◆ **Aim of the task**: Return all entries word for word, but drop any images.

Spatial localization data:
======

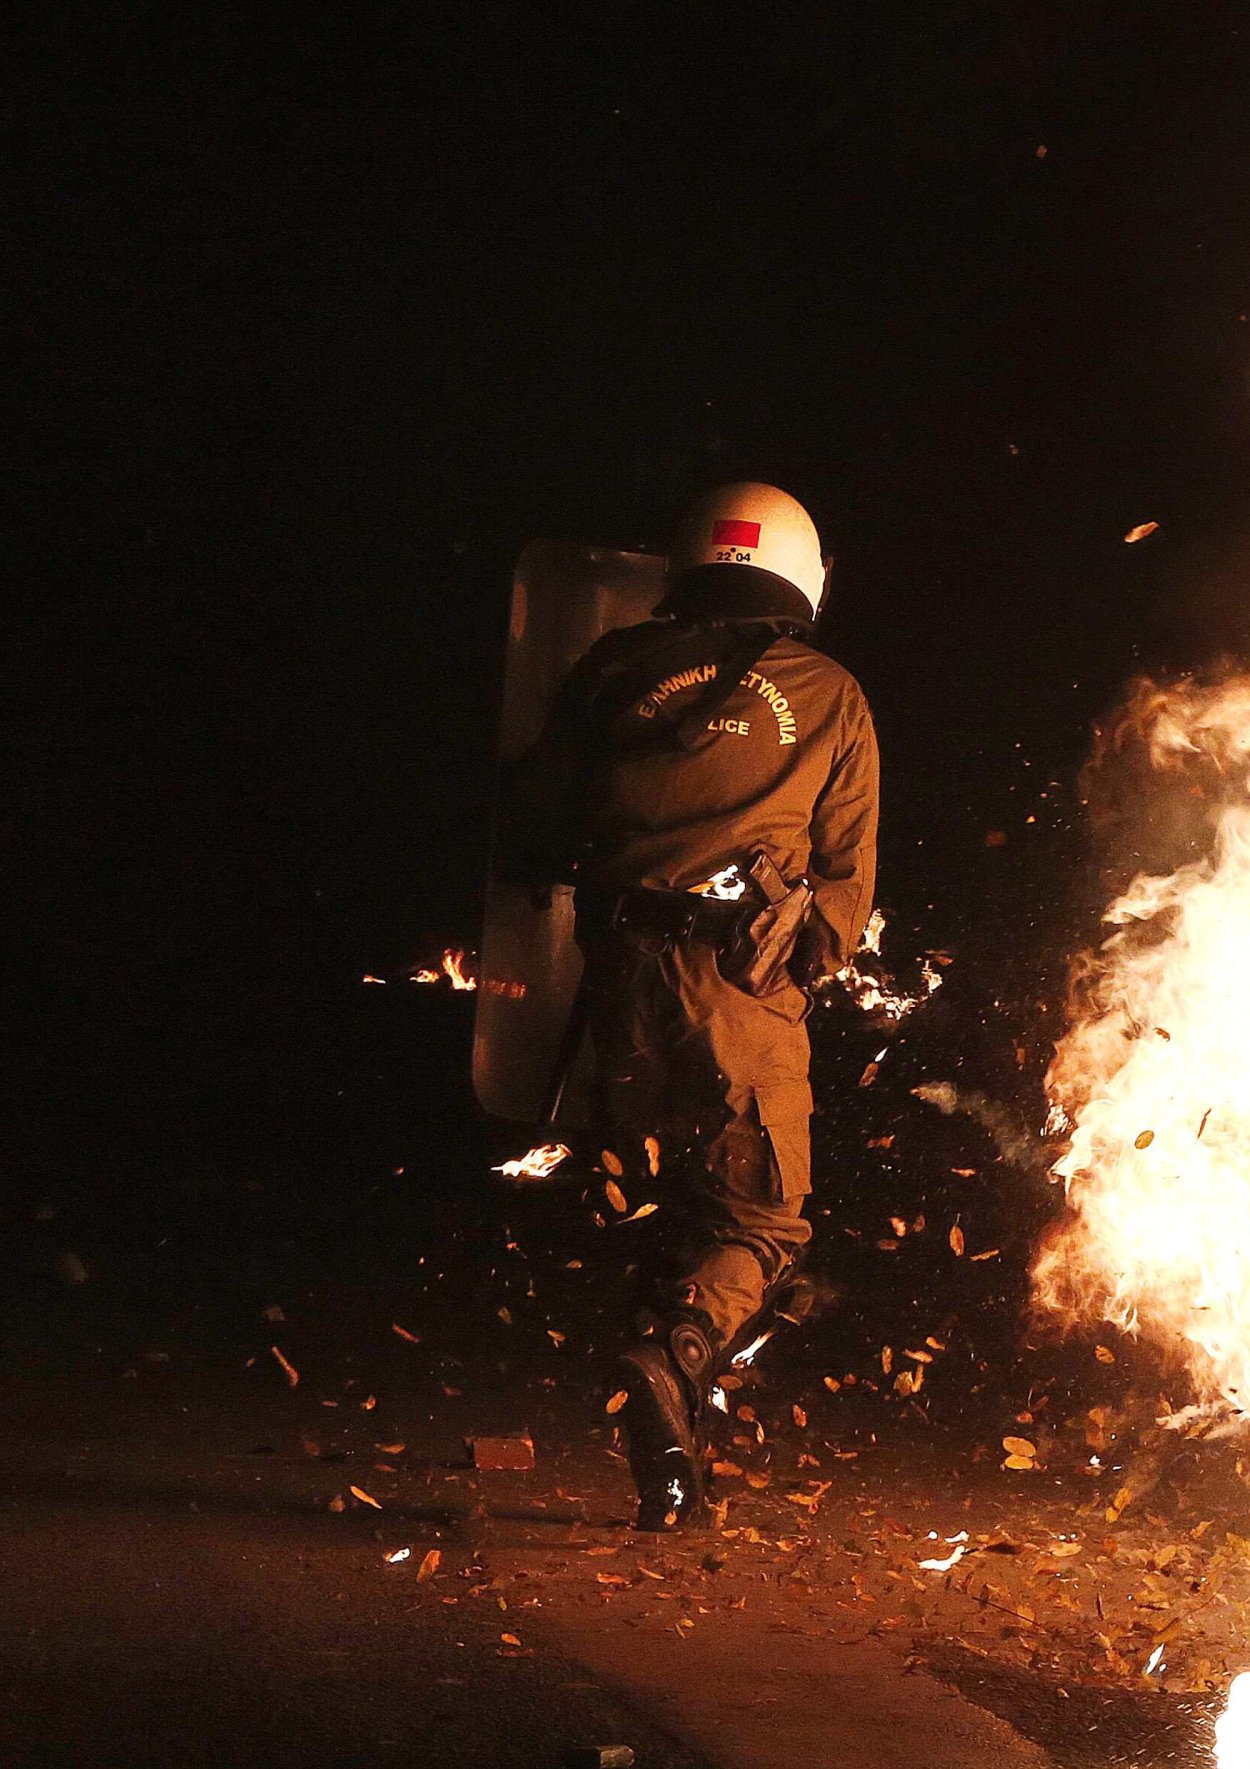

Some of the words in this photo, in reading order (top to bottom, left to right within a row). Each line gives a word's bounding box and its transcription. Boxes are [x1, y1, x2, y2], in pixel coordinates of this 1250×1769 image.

[716, 551, 731, 561] 22
[736, 553, 751, 562] 04
[739, 670, 797, 746] ΤΥΝΟΜΙΑ
[707, 718, 751, 736] LICE

======

◆ **Answer for the task**:
Some of the words in this photo, in reading order (top to bottom, left to right within a row). Each line gives a word's bounding box and its transcription. Boxes are [x1, y1, x2, y2], in pixel coordinates of this 1250×1769 image.

[716, 551, 731, 561] 22
[736, 553, 751, 562] 04
[739, 670, 797, 746] ΤΥΝΟΜΙΑ
[707, 718, 751, 736] LICE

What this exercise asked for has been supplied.